╭──

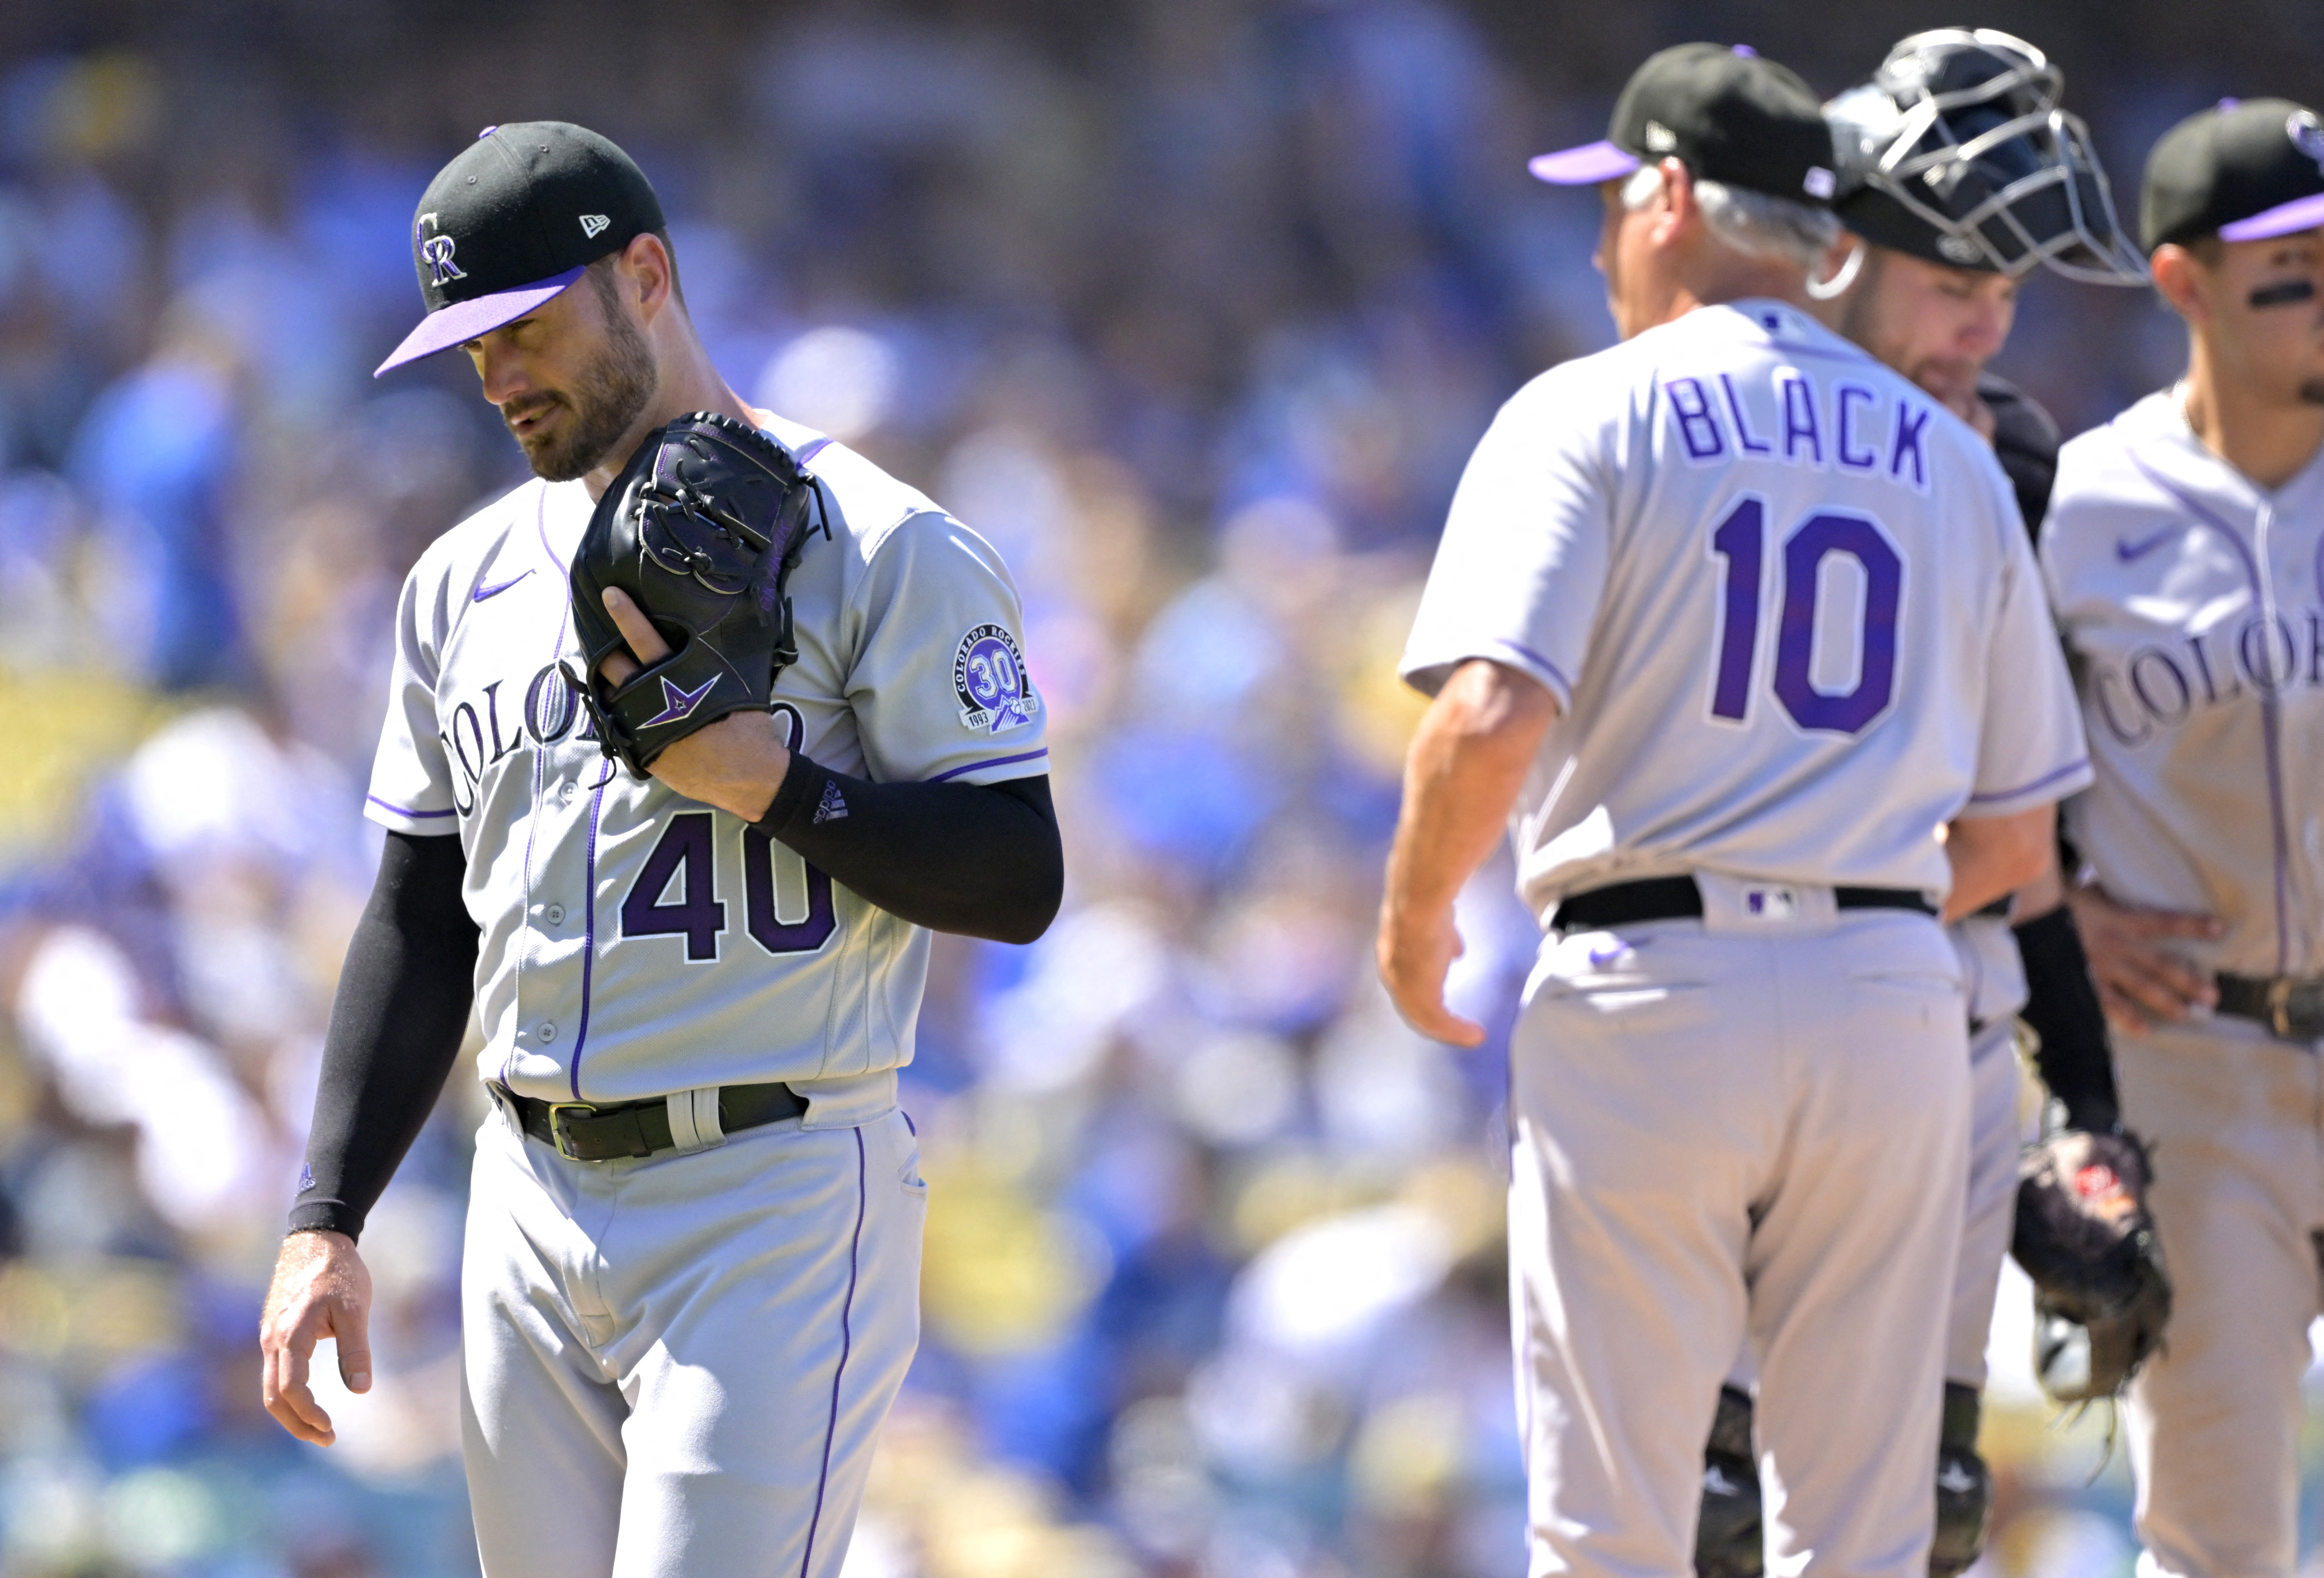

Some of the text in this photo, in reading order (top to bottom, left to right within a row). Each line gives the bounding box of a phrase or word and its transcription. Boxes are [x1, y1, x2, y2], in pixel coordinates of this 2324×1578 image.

[1664, 372, 1928, 488] BLACK
[1709, 496, 1905, 736] 10
[955, 626, 1026, 692] COLORADO ROCKIES
[969, 648, 1017, 700] 30
[968, 711, 989, 727] 1993
[813, 780, 836, 824] adidas
[618, 809, 840, 964] 40

╰──

Word for word and without any pictures, return all of the lines above.

→ PROBLEM SOLUTION:
Some of the text in this photo, in reading order (top to bottom, left to right within a row). Each line gives the bounding box of a phrase or word and its transcription. Boxes are [x1, y1, x2, y2], in pixel coordinates of this 2324×1578 image.

[1664, 372, 1928, 488] BLACK
[1709, 496, 1905, 736] 10
[955, 626, 1026, 692] COLORADO ROCKIES
[969, 648, 1017, 700] 30
[968, 711, 989, 727] 1993
[813, 780, 836, 824] adidas
[618, 809, 840, 964] 40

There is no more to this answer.